Exercise details
Transcribe all of the entries below exactly. Leave out the pictures.

(Dataset entries)
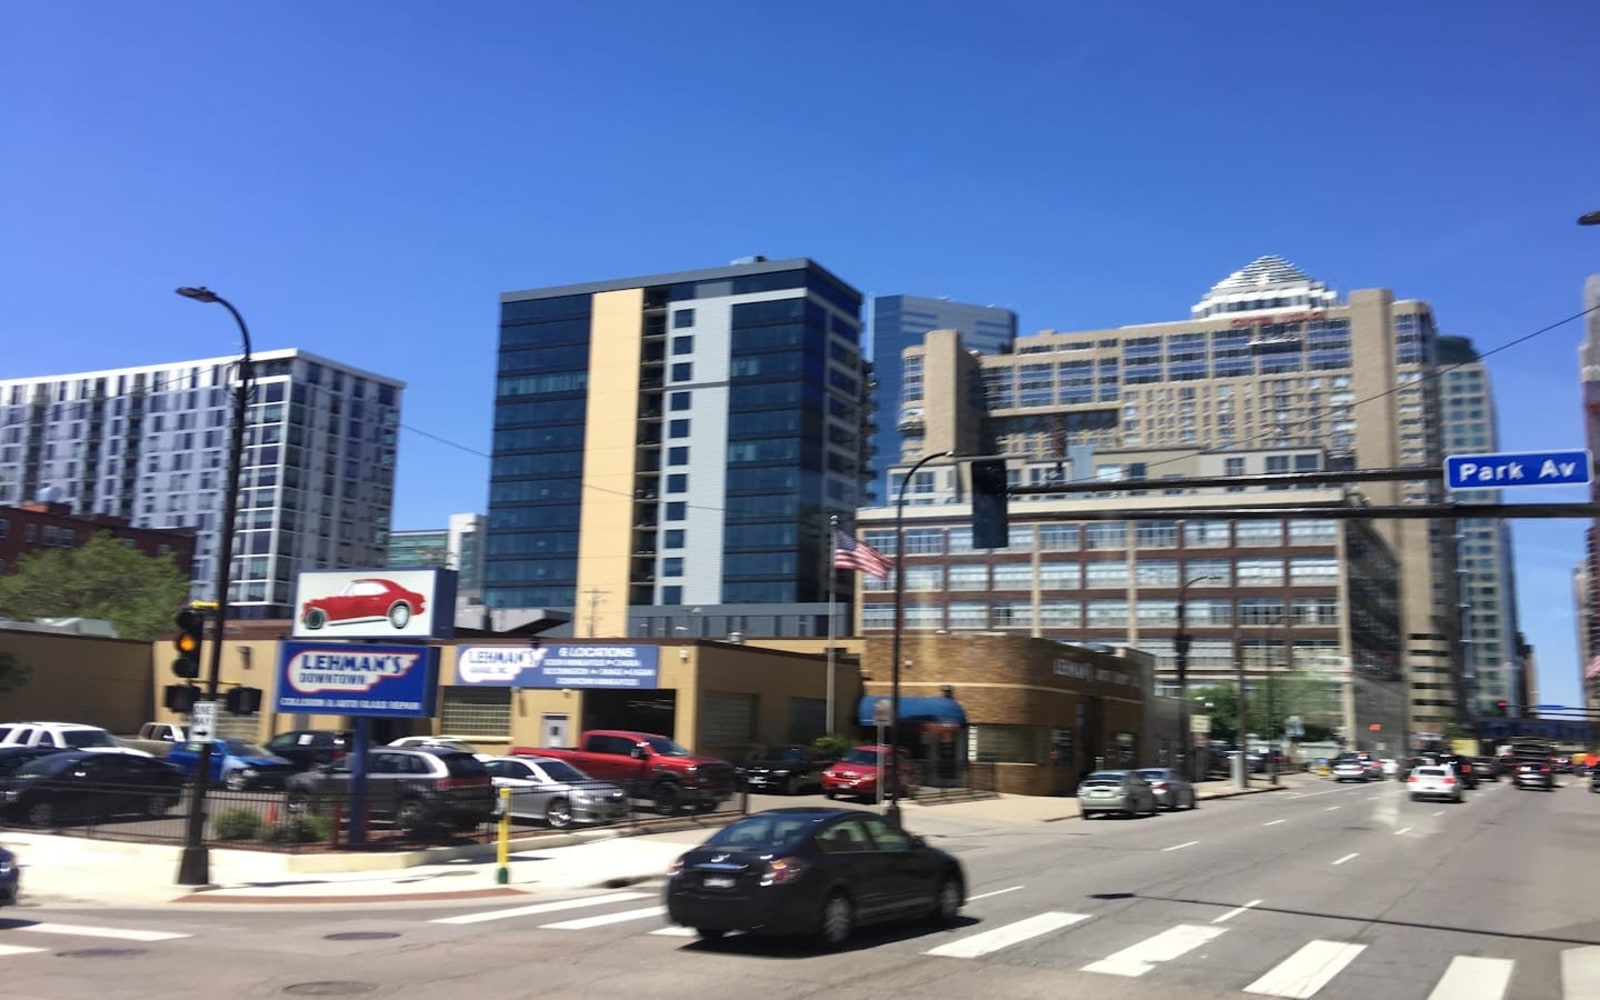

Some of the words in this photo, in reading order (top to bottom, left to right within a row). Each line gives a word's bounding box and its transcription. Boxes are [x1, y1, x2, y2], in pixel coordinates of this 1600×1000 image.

[1459, 461, 1525, 482] Park
[1538, 459, 1577, 478] Av
[568, 648, 637, 657] LOCATIONS
[302, 654, 402, 673] LEHMAN'S
[300, 673, 365, 684] DOWNTOWN
[194, 705, 213, 713] ONE
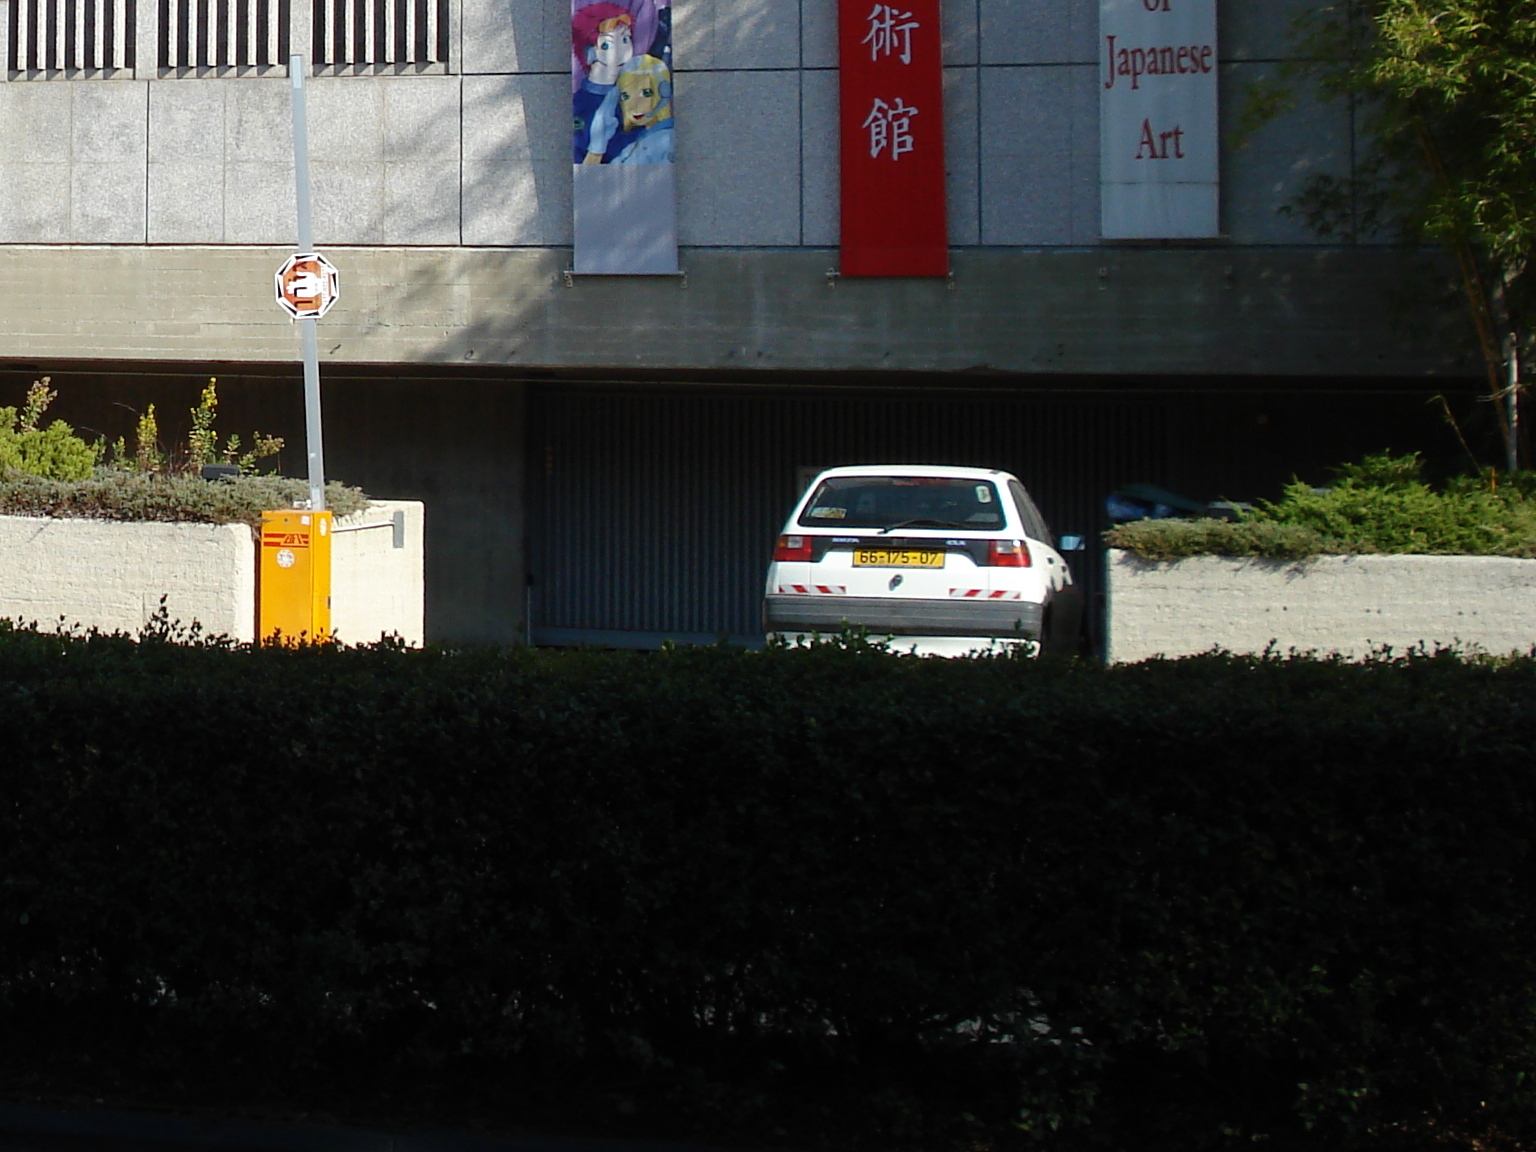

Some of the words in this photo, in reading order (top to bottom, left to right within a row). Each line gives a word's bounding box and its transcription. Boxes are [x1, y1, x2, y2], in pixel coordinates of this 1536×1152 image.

[1105, 34, 1212, 90] Japanese
[1135, 118, 1185, 160] Art
[859, 550, 939, 565] 66-175-07

Reply to the task
Some of the words in this photo, in reading order (top to bottom, left to right within a row). Each line gives a word's bounding box and its transcription. Boxes are [x1, y1, x2, y2], in pixel coordinates of this 1600×1000 image.

[1459, 461, 1525, 482] Park
[1538, 459, 1577, 478] Av
[568, 648, 637, 657] LOCATIONS
[302, 654, 402, 673] LEHMAN'S
[300, 673, 365, 684] DOWNTOWN
[194, 705, 213, 713] ONE

Some of the words in this photo, in reading order (top to bottom, left to right within a row). Each line gives a word's bounding box and its transcription. Boxes are [x1, y1, x2, y2], in pixel coordinates of this 1536×1152 image.

[1105, 34, 1212, 90] Japanese
[1135, 118, 1185, 160] Art
[859, 550, 939, 565] 66-175-07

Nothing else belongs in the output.